Bayesian benchmark dose modeling analysis and derivation of points of departure for female reproductive toxicity following exposure to di(2-ethylhexyl) phthalate (DEHP) - effects on reproductive hormones, folliculogenesis and estrous cyclicity.

Endocrine-disrupting chemicals such as di(2-ethylhexyl) phthalate (DEHP) pose significant risks to human reproductive health. However, regulatory frameworks often lack sufficient data on sensitive female-specific reproductive endpoints. This study investigates the sensitivity of hypothalamic-pituitary-ovarian (HPO) axis endpoints to DEHP exposure in adult female mice, applying Bayesian Benchmark dose (BBMD) modeling for dose-response assessment and derivation of points-of-departure (PODs) for risk assessment. Data from four studies where sexually mature female mice were exposed to DEHP (0.02 to 240 mg/kg bw/d) for 10 or 30 d via oral administration, or 30 d via diet, was modeled.

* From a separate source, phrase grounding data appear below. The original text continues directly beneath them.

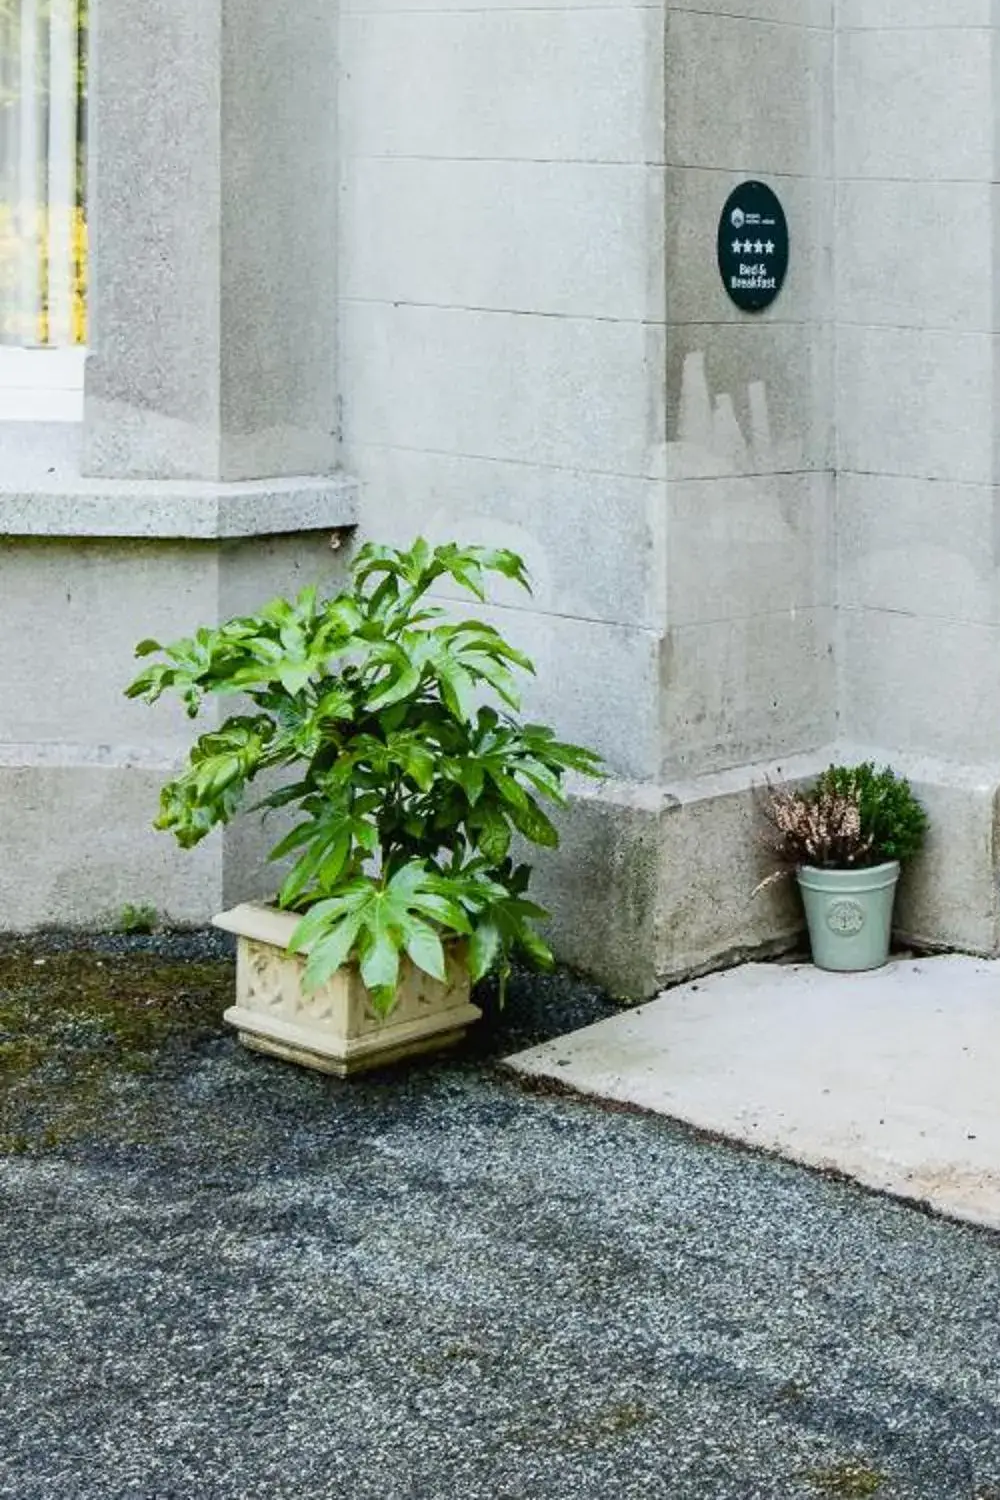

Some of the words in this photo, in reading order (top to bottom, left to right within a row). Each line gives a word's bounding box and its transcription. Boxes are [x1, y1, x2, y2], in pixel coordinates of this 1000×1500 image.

[739, 263, 758, 276] Bed
[759, 263, 767, 276] &
[731, 275, 776, 289] Breakfast
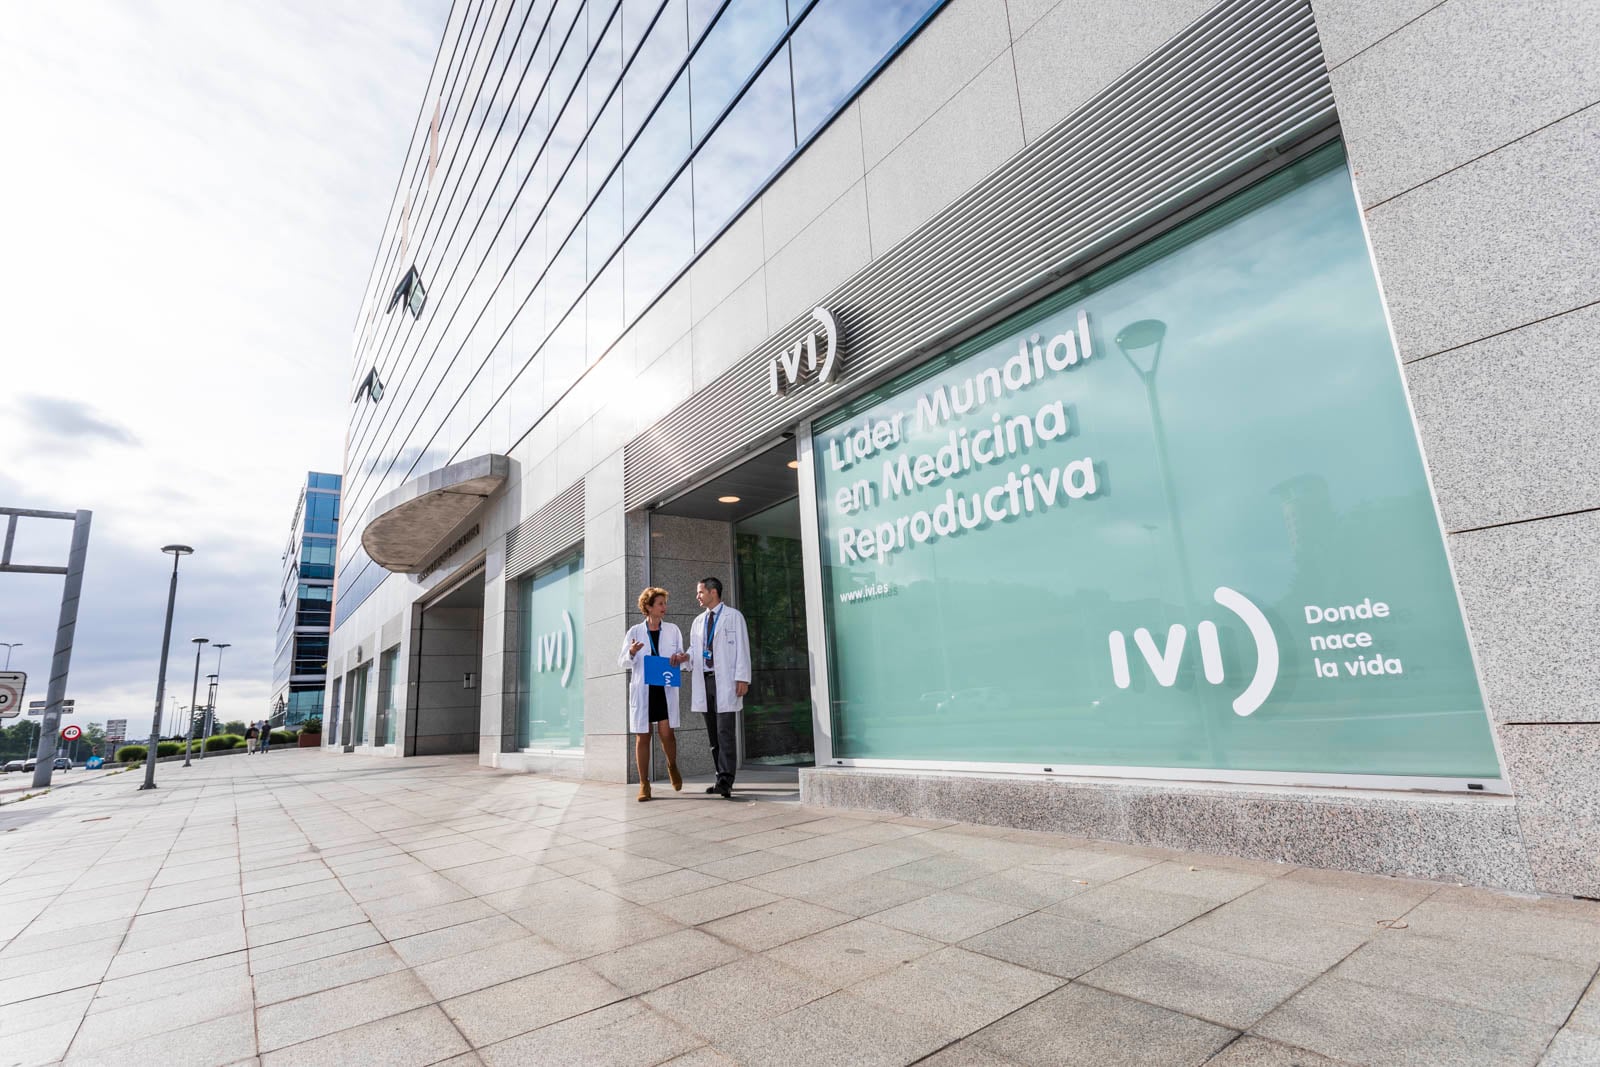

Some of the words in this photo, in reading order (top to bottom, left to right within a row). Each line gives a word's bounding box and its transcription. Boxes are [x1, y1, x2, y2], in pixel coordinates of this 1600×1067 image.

[915, 309, 1093, 427] Mundial
[835, 479, 871, 515] en
[882, 400, 1067, 499] Medicina
[838, 456, 1097, 565] Reproductiva
[839, 583, 889, 603] www.ivi.es
[1304, 598, 1390, 624] Donde
[1310, 631, 1373, 651] nace
[1314, 658, 1339, 678] la
[1344, 654, 1403, 677] vida
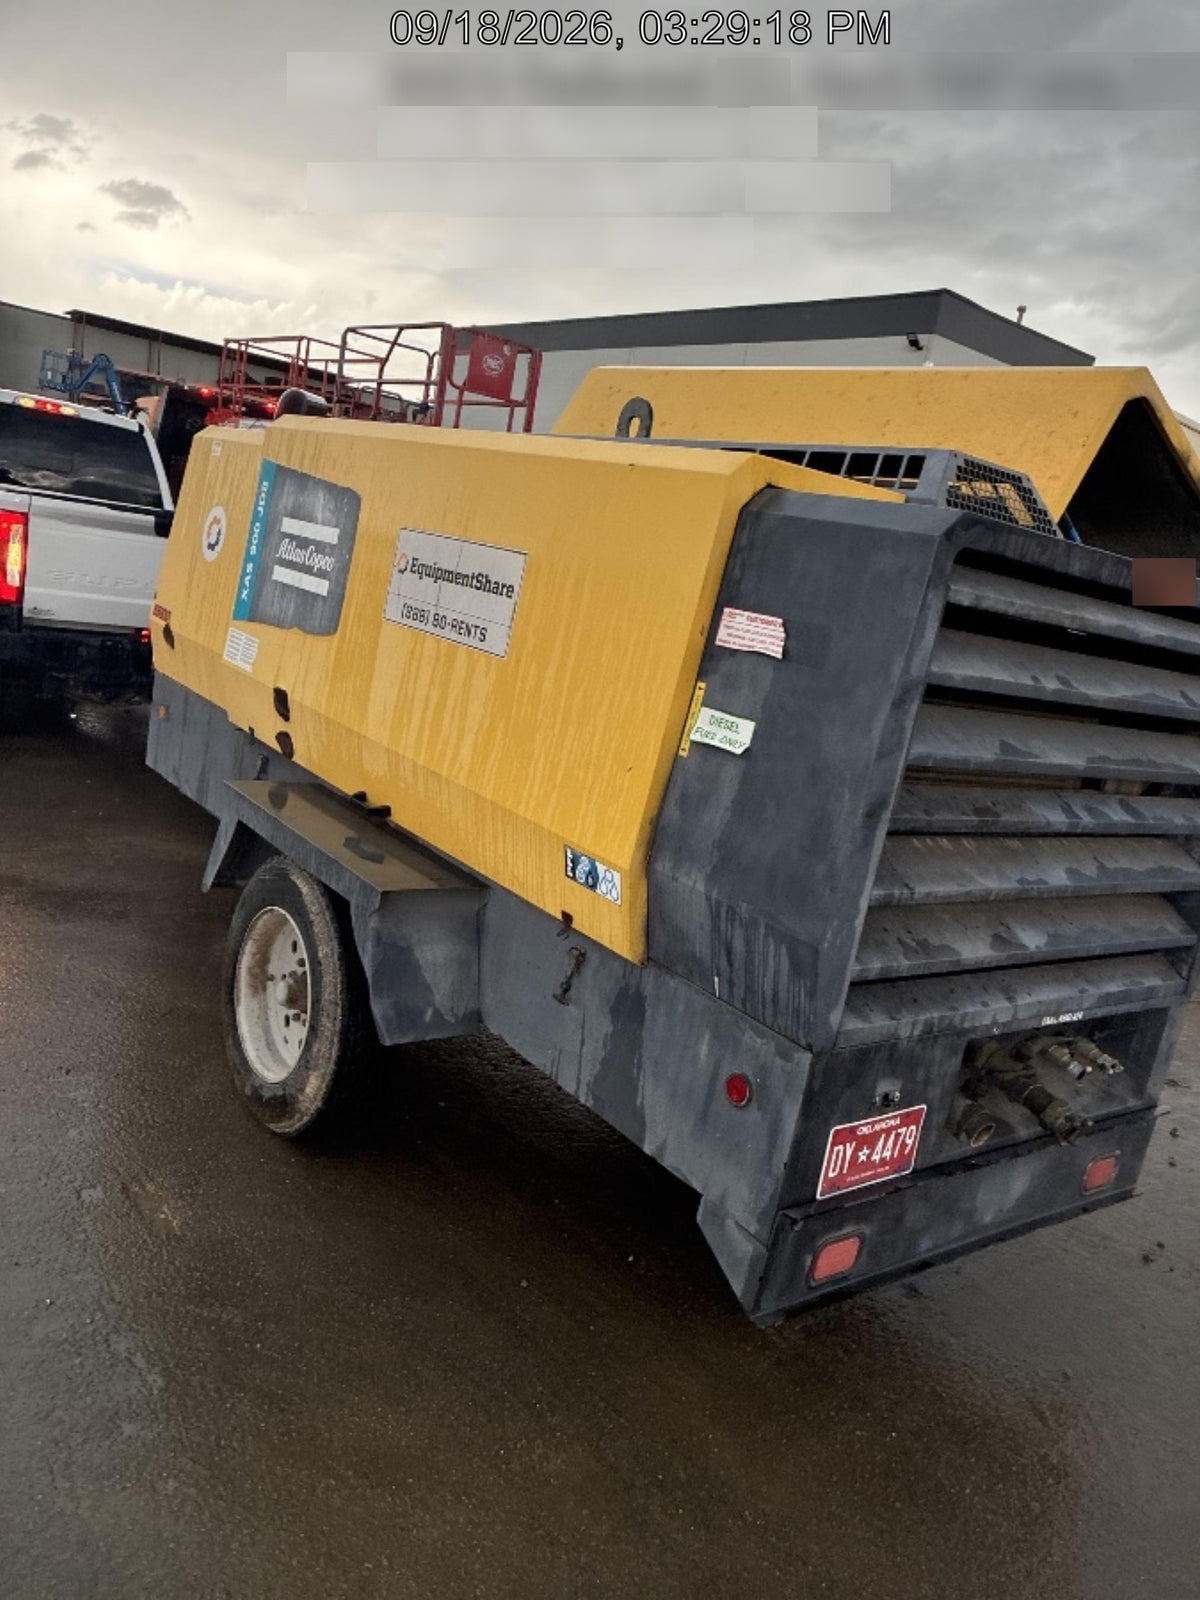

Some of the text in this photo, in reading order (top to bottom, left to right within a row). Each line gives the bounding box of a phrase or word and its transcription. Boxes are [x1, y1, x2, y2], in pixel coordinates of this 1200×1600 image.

[241, 562, 254, 600] XAS
[409, 556, 515, 600] EquipmentShare
[708, 714, 741, 735] DIESEL
[857, 1117, 901, 1135] OKLAHOMA
[828, 1141, 856, 1178] DY
[871, 1125, 917, 1163] 4479

Endpoints included ovarian follicle counts, serum hormones, estrous cyclicity, body, and organ weights. Results revealed dose-dependent changes and greater sensitivity of progesterone, ovarian follicle counts, and uterine weight, compared with estrous cyclicity, body weight, and other organ weights. For 10- and 30-d oral administration studies, the lowest nonzero BBMDLs were observed for serum progesterone levels (9.1 mg/kg bw/d) and primary follicle counts (19.5 mg/kg bw/d), respectively. These PODs were notably lower than most No-Adverse-Effect-Levels in the European Chemicals Agency's (ECHA's) "Registered substances factsheet" and "ECHA CHEM" databases. The majority of the studies derived PODs based on male (reproductive) endpoints. Finally, a derived no-effect level of 0.064 mg DEHP/kg bw/d was estimated, based on the overall lowest BBMDL, serum progesterone levels of the 10-d oral study. In conclusion, our study indicates that current guidelines may not fully capture reproductive risks for females, underscoring the need to refine regulatory endpoints to better protect female reproductive health in the context of DEHP exposure.